Every time a team transport departs from Rahal Letterman
Racing headquarters in Hilliard, Ohio, extra units make the trip.

“We keep spare chasses and hard drives on the trucks,”
added Foley. “So that way, when one [fails], if you have a chassis go out,
we’ve got another one on the truck.”

And fail they do. Trinkner said a system was lost at
Kentucky Speedway, where the team’s Patrick won the pole and teammate Vitor
Meira finished second.

Data acquisition engineers often place their laptops on a
racecar’s radiator ducts, a convenient flat surface above the air inlet, when
testing the engine for leaks or conducting basic checks.

“If you’ve ever been around a racecar when it’s
running, there’s a lot of vibration, heat – it’s a volatile environment,”
said Trinkner. “To have a laptop basically sitting on the side of the
racecar isn’t necessarily the smartest thing to do, but we do it a lot.”

The vibration alone can cripple a hard drive, not to mention
proximity to methanol (which burns on contact), frenzied mechanics and their
tools, dust from desert race tracks, stray wheels and other hazards.

“We just had an incident of that last week,” said
Trinkner. Someone fired up a motor and vibrated the hard drive of an engineer’s
laptop into oblivion.

While your organization’s laptops may not have to battle
chemicals or the concussions from a 700-horsepower motor, they must withstand
inadvertent drops, being tossed in rental cars and being knocked about
airports. When supporting critical mobile efforts, such as at trade shows,
conventions, presentations and other key events, consider sending a second,
preconfigured backup unit. Should a primary unit fail, having a second machine ready
could prevent a wasted trip or lost business.

Regularly upgrade critical systems

The average laptop service life for an IndyCar engineer is
one season. Teams upgrade equipment frequently, not only in an attempt to
ensure they’re using the most current hardware, but to help eliminate failures.

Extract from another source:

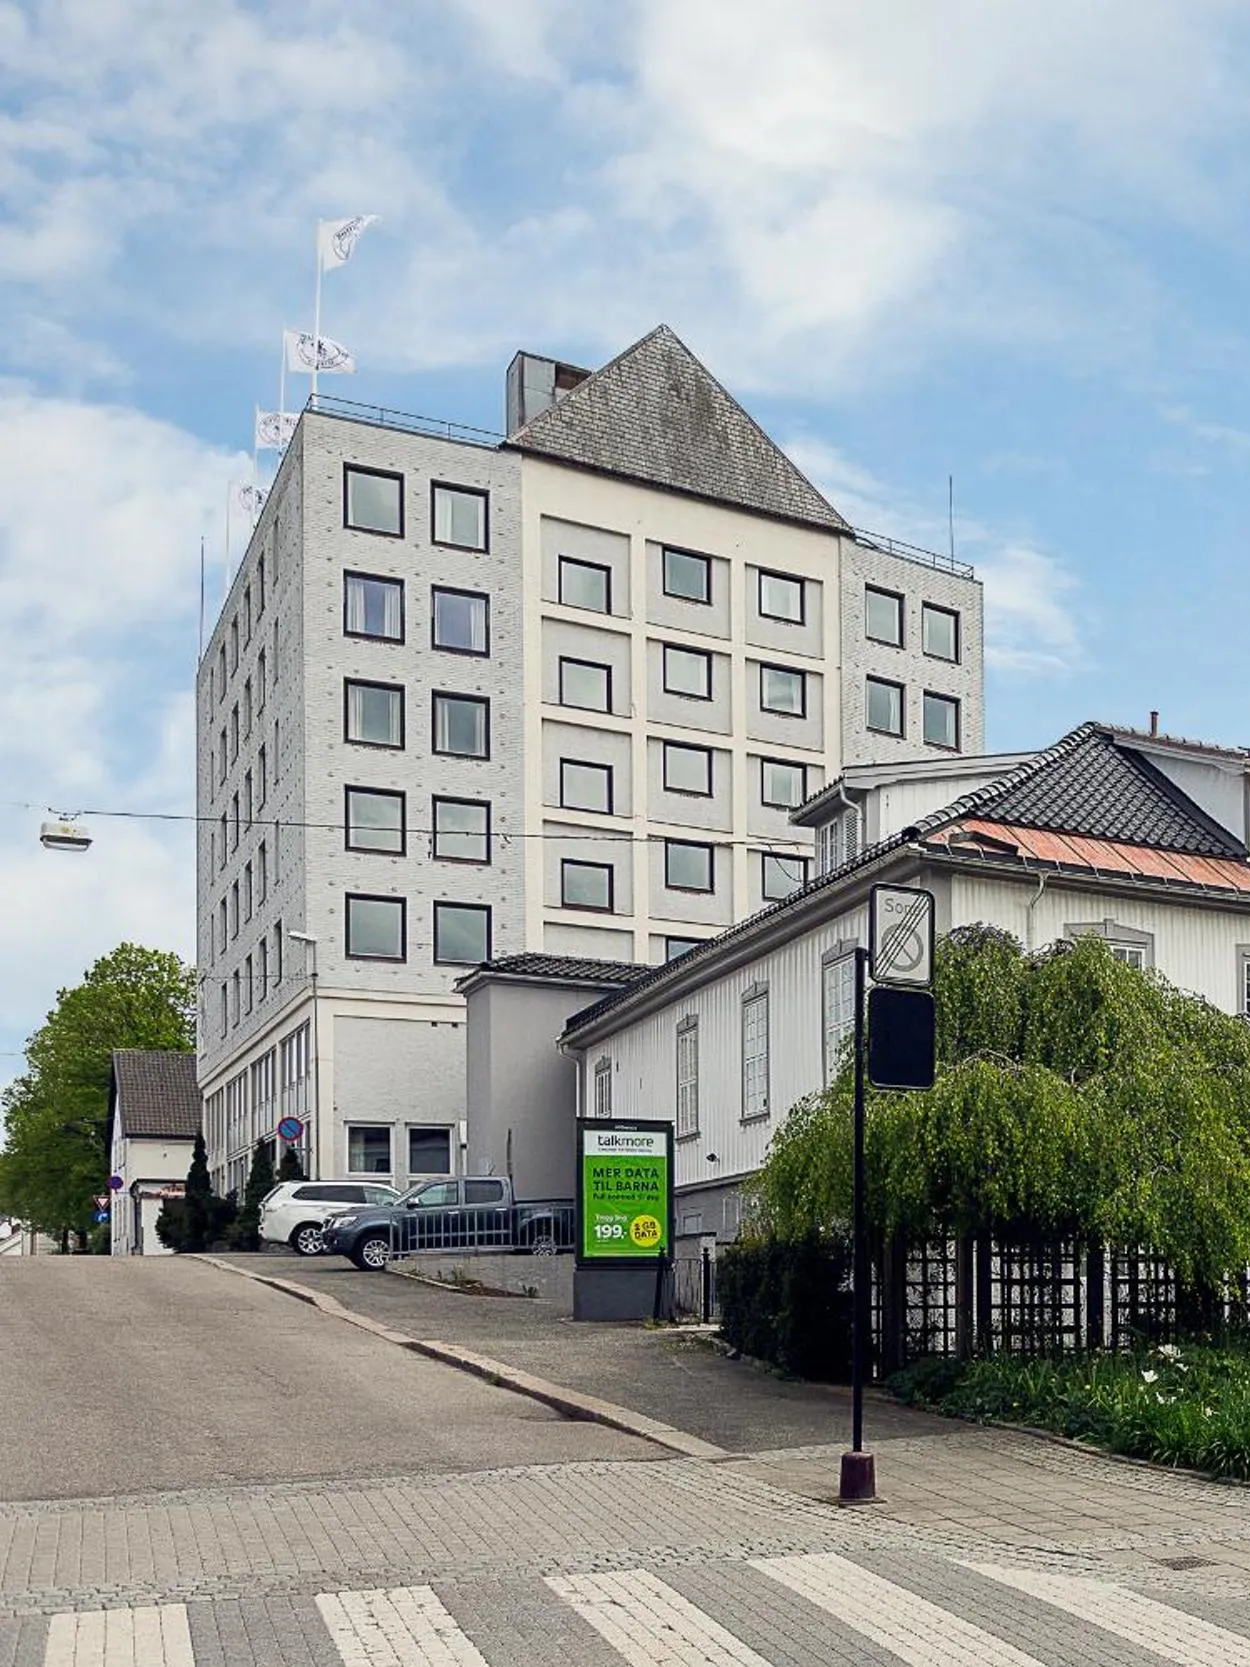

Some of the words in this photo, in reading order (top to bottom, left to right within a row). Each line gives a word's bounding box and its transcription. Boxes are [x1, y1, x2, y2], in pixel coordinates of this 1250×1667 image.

“I’m a very conservative person,” added Trinkner. “I
don’t like to make a lot of changes during the season. Typically, I will get a
new model laptop myself, set it up and do a bunch of testing with it, basically
to see if it passes my specs.”

Just as swapping out new systems can introduce hiccups –
such as driver issues or software incompatibilities – on a race team, so too
can it wreak havoc in your business. Budgets are always an issue. But regularly
replacing crucial PCs or servers (and relegating the replaced units to other,
less important tasks) is a small price to pay to ensure critical systems don’t
fail at the most inopportune times.

Remembering Murphy

Sooner or later, all hard drives fail. Laptops, particularly
those exposed to excessive travel, can become unstable. Servers and other
components, over time, deteriorate.

Take the lead from these IndyCar engineers. Even though your
organization’s circumstances likely differ, following these four methods is one
way to help mitigate IT disasters and prevent data loss.